The CAP Theorem has been getting more press lately, thanks in part to Werner Vogels, the CTO of Amazon.com, writing about how that e-commerce giant gets gets around the fundamental architectural implications of the theorem for large distributed systems. So it's not a big surprise that I would have come across the CAP Theorem in my obsessively wide reading.

But although I've done my time in web services (Fun Facts to Known and Tell: Java Business Integration), high performance computing (Post Modern Deck Construction), and distributed systems (Traffic Management and System Scalability), lately I've been agonizing over the machine code produced by compilers and the bare metal on which it runs (Cache Coherency and Memory Models).
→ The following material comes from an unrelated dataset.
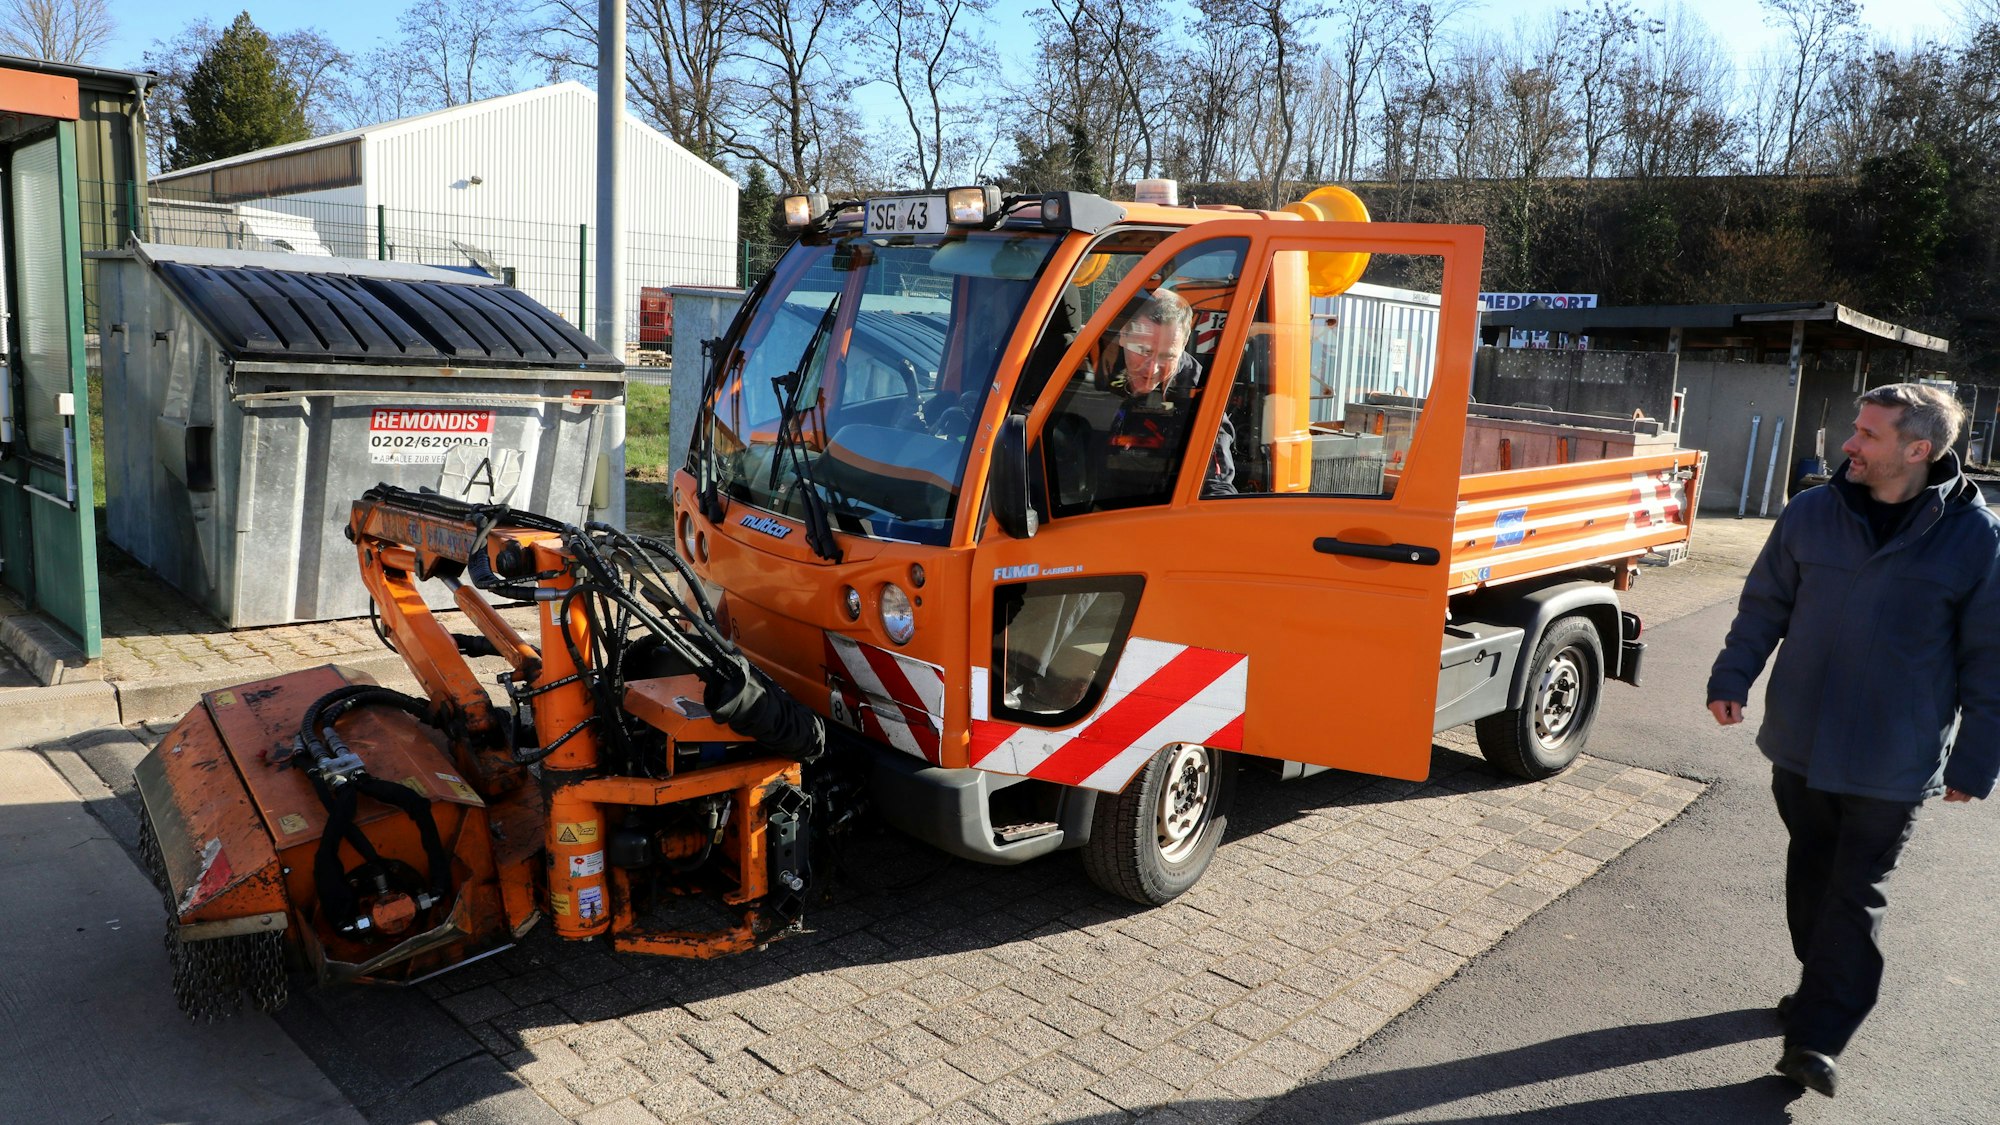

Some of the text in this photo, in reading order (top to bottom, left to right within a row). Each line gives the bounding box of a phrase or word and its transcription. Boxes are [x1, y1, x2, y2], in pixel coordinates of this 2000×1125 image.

[875, 202, 928, 230] SG 43
[739, 514, 793, 539] multicar
[993, 563, 1039, 581] FUMO
[1042, 566, 1075, 576] CARRIER
So I was standing in the shower the other morning, listening to that little voice in my head, trying to figure out why I was so focused on the implications of the CAP Theorem when my current interests leaned more towards cache coherency or the lack of it.
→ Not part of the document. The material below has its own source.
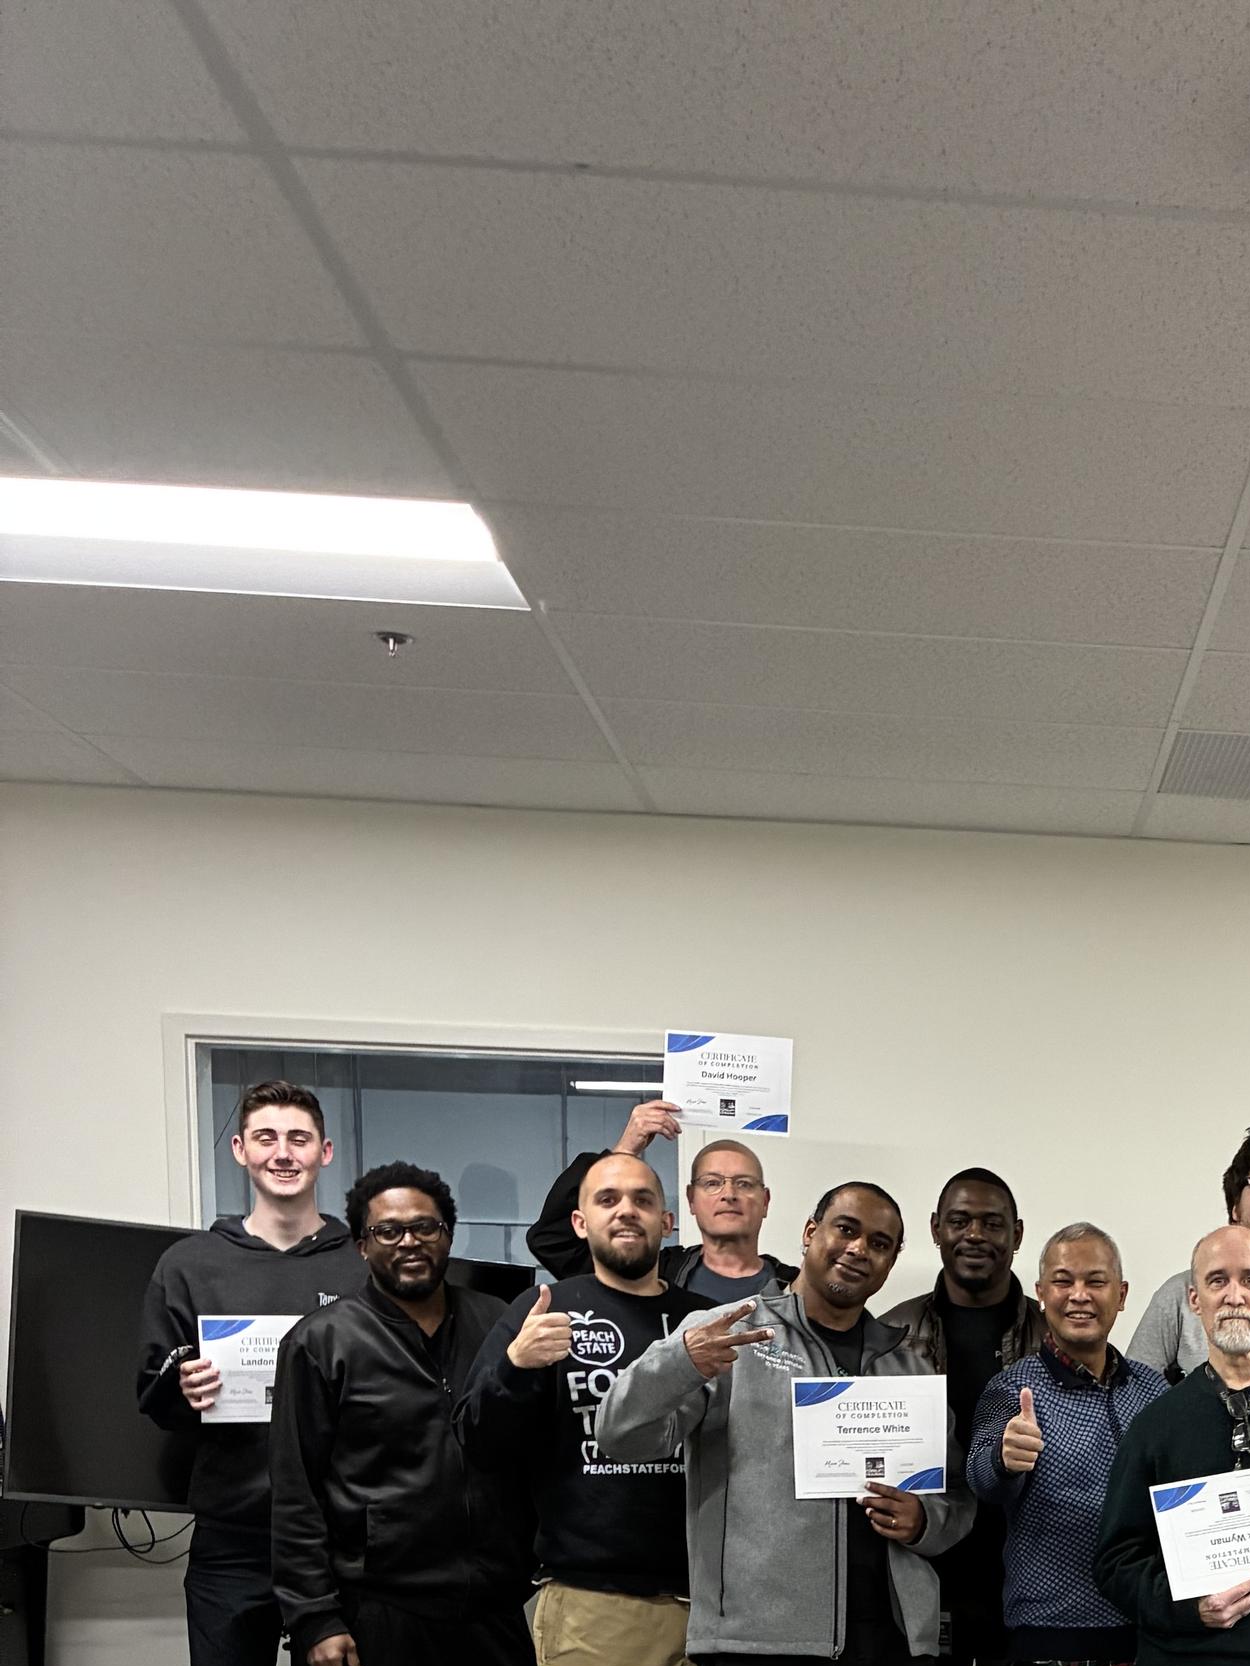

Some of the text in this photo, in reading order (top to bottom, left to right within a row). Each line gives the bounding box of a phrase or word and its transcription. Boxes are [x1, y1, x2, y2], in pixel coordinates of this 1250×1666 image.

And it finally occurred to me: they're the same problem. It is simply a matter of scale.

Here's the gist of the CAP Theorem as I understand it.

Consistency means serialization. To have strong consistency, transactions run across distributed servers on shared data must look as if they had been serialized and run one at a time as atomic transactions, whether that's the case or not. This is what the database and transaction people are talking about when they cite the ACID properties: Atomicity, Consistency, Isolation, Durability.

Availability means reliability. Every request gets a timely response, and no client is left hanging. It's this requirement for high availability that typically leads to distributed systems in the first place, since HA systems achieve it by eliminating single points of failure. What constitutes failure is relative in this context. Julian Brown has remarked that an extra tenth of a second in response time costs Amazon.com one percent in sales.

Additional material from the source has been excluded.